■ **ABOUT THIS EXERCISE**: Retype all of the data that follows, line for line.

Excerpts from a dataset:

----------------

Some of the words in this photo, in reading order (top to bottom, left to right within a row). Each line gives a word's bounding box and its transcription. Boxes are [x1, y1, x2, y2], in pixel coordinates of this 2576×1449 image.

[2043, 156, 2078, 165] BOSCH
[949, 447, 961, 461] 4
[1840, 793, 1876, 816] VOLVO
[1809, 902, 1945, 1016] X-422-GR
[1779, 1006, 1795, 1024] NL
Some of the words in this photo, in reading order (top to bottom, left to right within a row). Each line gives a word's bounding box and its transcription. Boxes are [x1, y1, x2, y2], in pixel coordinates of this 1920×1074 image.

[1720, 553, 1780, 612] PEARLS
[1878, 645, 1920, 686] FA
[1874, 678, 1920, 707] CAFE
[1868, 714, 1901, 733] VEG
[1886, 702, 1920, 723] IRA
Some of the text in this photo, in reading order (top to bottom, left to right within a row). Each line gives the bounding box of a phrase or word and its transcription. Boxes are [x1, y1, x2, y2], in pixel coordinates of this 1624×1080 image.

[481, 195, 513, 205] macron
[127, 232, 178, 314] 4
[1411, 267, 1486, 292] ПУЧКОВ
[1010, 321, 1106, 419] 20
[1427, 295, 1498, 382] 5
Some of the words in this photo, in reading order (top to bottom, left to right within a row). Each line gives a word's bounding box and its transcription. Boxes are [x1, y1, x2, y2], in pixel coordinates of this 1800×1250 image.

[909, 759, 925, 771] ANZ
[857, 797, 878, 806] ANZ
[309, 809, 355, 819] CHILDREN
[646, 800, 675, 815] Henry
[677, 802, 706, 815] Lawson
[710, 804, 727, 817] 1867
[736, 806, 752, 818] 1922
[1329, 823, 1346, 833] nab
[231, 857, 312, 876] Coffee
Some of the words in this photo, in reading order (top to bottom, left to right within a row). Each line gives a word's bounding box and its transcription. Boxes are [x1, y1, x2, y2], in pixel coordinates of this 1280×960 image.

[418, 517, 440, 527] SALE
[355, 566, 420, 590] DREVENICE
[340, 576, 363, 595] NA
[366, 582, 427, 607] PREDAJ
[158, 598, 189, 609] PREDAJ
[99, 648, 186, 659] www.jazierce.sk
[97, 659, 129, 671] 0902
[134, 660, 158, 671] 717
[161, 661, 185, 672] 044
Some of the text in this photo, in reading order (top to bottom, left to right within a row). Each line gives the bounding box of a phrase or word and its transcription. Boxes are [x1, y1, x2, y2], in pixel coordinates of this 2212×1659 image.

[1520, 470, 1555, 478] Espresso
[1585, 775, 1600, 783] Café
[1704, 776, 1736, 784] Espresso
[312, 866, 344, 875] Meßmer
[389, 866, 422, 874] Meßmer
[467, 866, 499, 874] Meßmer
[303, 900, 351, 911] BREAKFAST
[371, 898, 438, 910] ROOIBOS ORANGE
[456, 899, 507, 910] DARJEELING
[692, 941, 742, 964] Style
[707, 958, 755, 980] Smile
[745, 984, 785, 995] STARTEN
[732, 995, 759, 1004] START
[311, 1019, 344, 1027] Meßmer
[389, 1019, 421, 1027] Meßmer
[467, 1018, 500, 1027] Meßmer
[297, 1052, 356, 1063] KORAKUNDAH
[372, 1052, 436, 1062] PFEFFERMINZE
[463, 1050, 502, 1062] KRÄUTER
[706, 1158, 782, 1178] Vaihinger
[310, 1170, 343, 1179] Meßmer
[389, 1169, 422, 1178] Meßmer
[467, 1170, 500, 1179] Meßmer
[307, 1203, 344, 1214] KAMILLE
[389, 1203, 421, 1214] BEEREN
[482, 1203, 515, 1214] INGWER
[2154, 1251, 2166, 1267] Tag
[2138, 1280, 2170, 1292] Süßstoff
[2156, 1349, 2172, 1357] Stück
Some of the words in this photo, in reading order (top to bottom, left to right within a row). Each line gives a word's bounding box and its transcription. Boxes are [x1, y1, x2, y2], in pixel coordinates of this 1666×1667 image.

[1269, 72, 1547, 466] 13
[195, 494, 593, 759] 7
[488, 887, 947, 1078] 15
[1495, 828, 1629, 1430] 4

----------------

■ **ANSWER TO THE EXERCISE**:
Some of the words in this photo, in reading order (top to bottom, left to right within a row). Each line gives a word's bounding box and its transcription. Boxes are [x1, y1, x2, y2], in pixel coordinates of this 2576×1449 image.

[2043, 156, 2078, 165] BOSCH
[949, 447, 961, 461] 4
[1840, 793, 1876, 816] VOLVO
[1809, 902, 1945, 1016] X-422-GR
[1779, 1006, 1795, 1024] NL
Some of the words in this photo, in reading order (top to bottom, left to right within a row). Each line gives a word's bounding box and its transcription. Boxes are [x1, y1, x2, y2], in pixel coordinates of this 1920×1074 image.

[1720, 553, 1780, 612] PEARLS
[1878, 645, 1920, 686] FA
[1874, 678, 1920, 707] CAFE
[1868, 714, 1901, 733] VEG
[1886, 702, 1920, 723] IRA
Some of the text in this photo, in reading order (top to bottom, left to right within a row). Each line gives the bounding box of a phrase or word and its transcription. Boxes are [x1, y1, x2, y2], in pixel coordinates of this 1624×1080 image.

[481, 195, 513, 205] macron
[127, 232, 178, 314] 4
[1411, 267, 1486, 292] ПУЧКОВ
[1010, 321, 1106, 419] 20
[1427, 295, 1498, 382] 5
Some of the words in this photo, in reading order (top to bottom, left to right within a row). Each line gives a word's bounding box and its transcription. Boxes are [x1, y1, x2, y2], in pixel coordinates of this 1800×1250 image.

[909, 759, 925, 771] ANZ
[857, 797, 878, 806] ANZ
[309, 809, 355, 819] CHILDREN
[646, 800, 675, 815] Henry
[677, 802, 706, 815] Lawson
[710, 804, 727, 817] 1867
[736, 806, 752, 818] 1922
[1329, 823, 1346, 833] nab
[231, 857, 312, 876] Coffee
Some of the words in this photo, in reading order (top to bottom, left to right within a row). Each line gives a word's bounding box and its transcription. Boxes are [x1, y1, x2, y2], in pixel coordinates of this 1280×960 image.

[418, 517, 440, 527] SALE
[355, 566, 420, 590] DREVENICE
[340, 576, 363, 595] NA
[366, 582, 427, 607] PREDAJ
[158, 598, 189, 609] PREDAJ
[99, 648, 186, 659] www.jazierce.sk
[97, 659, 129, 671] 0902
[134, 660, 158, 671] 717
[161, 661, 185, 672] 044
Some of the text in this photo, in reading order (top to bottom, left to right within a row). Each line gives the bounding box of a phrase or word and its transcription. Boxes are [x1, y1, x2, y2], in pixel coordinates of this 2212×1659 image.

[1520, 470, 1555, 478] Espresso
[1585, 775, 1600, 783] Café
[1704, 776, 1736, 784] Espresso
[312, 866, 344, 875] Meßmer
[389, 866, 422, 874] Meßmer
[467, 866, 499, 874] Meßmer
[303, 900, 351, 911] BREAKFAST
[371, 898, 438, 910] ROOIBOS ORANGE
[456, 899, 507, 910] DARJEELING
[692, 941, 742, 964] Style
[707, 958, 755, 980] Smile
[745, 984, 785, 995] STARTEN
[732, 995, 759, 1004] START
[311, 1019, 344, 1027] Meßmer
[389, 1019, 421, 1027] Meßmer
[467, 1018, 500, 1027] Meßmer
[297, 1052, 356, 1063] KORAKUNDAH
[372, 1052, 436, 1062] PFEFFERMINZE
[463, 1050, 502, 1062] KRÄUTER
[706, 1158, 782, 1178] Vaihinger
[310, 1170, 343, 1179] Meßmer
[389, 1169, 422, 1178] Meßmer
[467, 1170, 500, 1179] Meßmer
[307, 1203, 344, 1214] KAMILLE
[389, 1203, 421, 1214] BEEREN
[482, 1203, 515, 1214] INGWER
[2154, 1251, 2166, 1267] Tag
[2138, 1280, 2170, 1292] Süßstoff
[2156, 1349, 2172, 1357] Stück
Some of the words in this photo, in reading order (top to bottom, left to right within a row). Each line gives a word's bounding box and its transcription. Boxes are [x1, y1, x2, y2], in pixel coordinates of this 1666×1667 image.

[1269, 72, 1547, 466] 13
[195, 494, 593, 759] 7
[488, 887, 947, 1078] 15
[1495, 828, 1629, 1430] 4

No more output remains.